▶ **Directions**
Retype the records below word for word and omit any image.

▶ **Data extracts**
════════════════
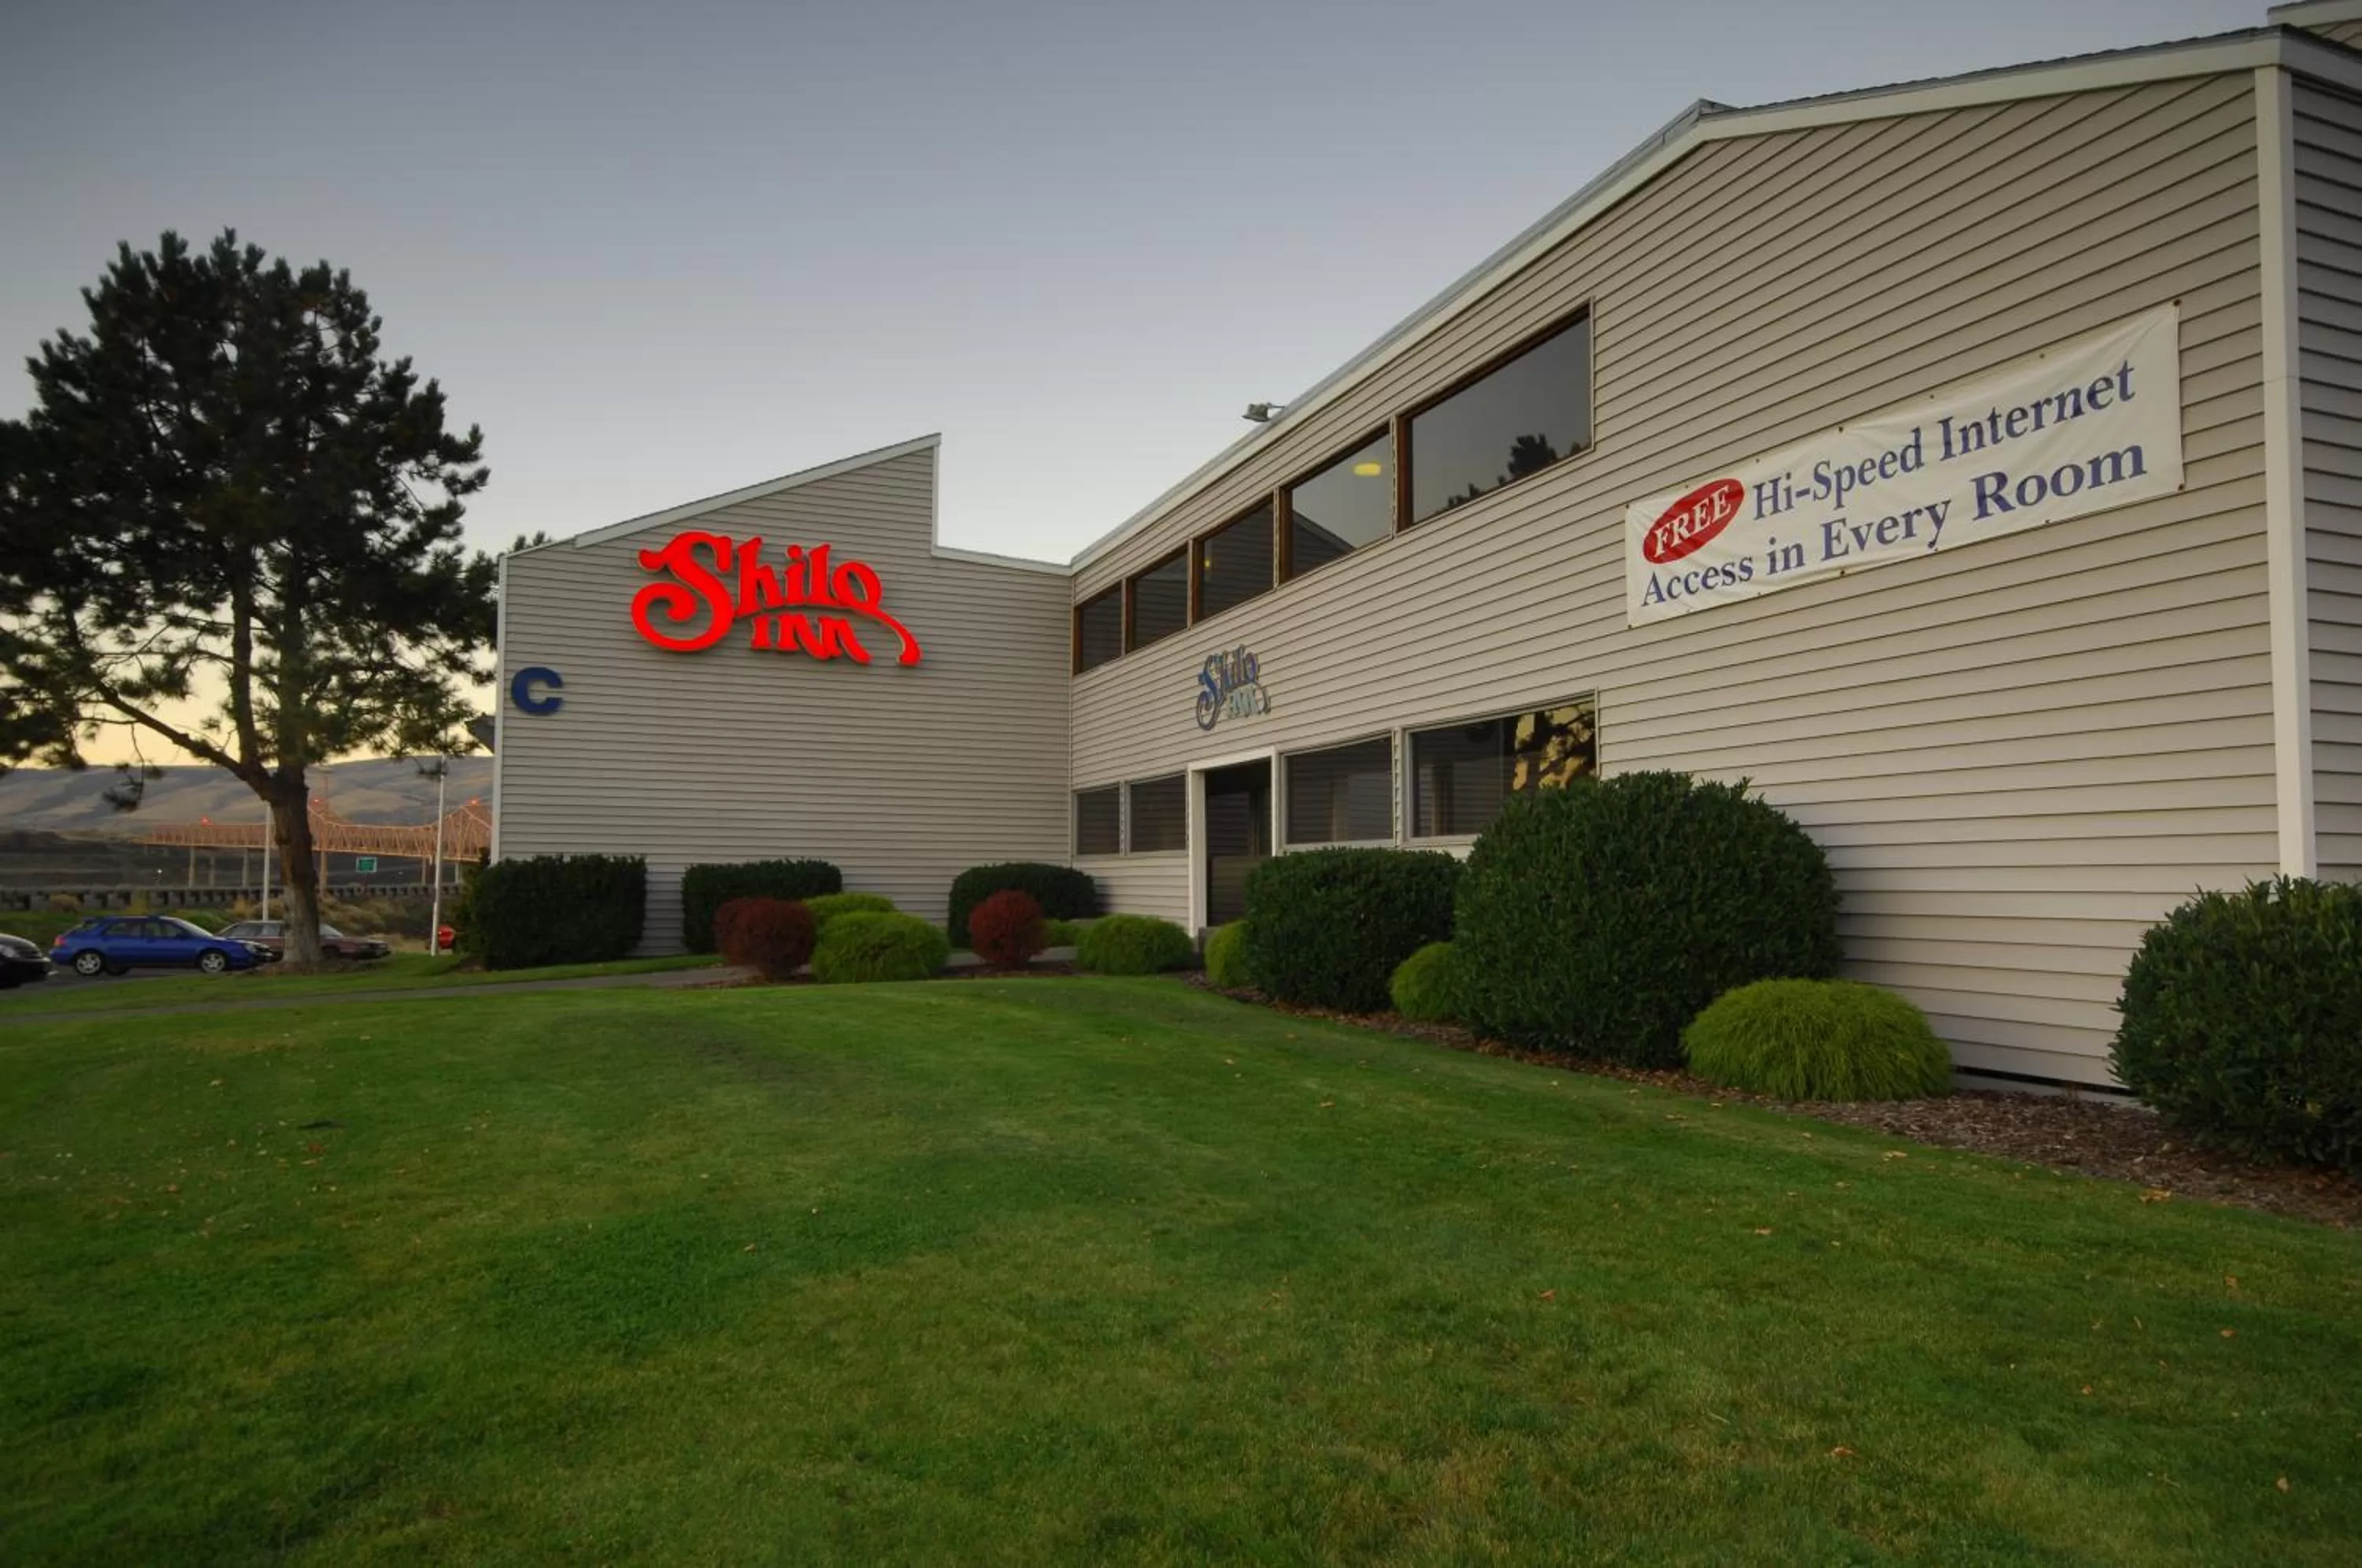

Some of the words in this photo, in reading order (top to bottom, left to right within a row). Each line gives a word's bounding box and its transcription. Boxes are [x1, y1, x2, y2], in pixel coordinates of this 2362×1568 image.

[1753, 428, 1925, 520] Hi-Speed
[1938, 360, 2137, 462] Internet
[1641, 556, 1754, 606] Access
[1767, 537, 1805, 575] in
[1820, 498, 1952, 561] Every
[1970, 443, 2148, 521] Room
[1653, 484, 1732, 558] FREE
[631, 531, 921, 666] Shilo
[511, 668, 563, 716] C
[1197, 644, 1271, 730] Shilo
════════════════
▶ **Answer area**
Some of the words in this photo, in reading order (top to bottom, left to right within a row). Each line gives a word's bounding box and its transcription. Boxes are [x1, y1, x2, y2], in pixel coordinates of this 2362×1568 image.

[1753, 428, 1925, 520] Hi-Speed
[1938, 360, 2137, 462] Internet
[1641, 556, 1754, 606] Access
[1767, 537, 1805, 575] in
[1820, 498, 1952, 561] Every
[1970, 443, 2148, 521] Room
[1653, 484, 1732, 558] FREE
[631, 531, 921, 666] Shilo
[511, 668, 563, 716] C
[1197, 644, 1271, 730] Shilo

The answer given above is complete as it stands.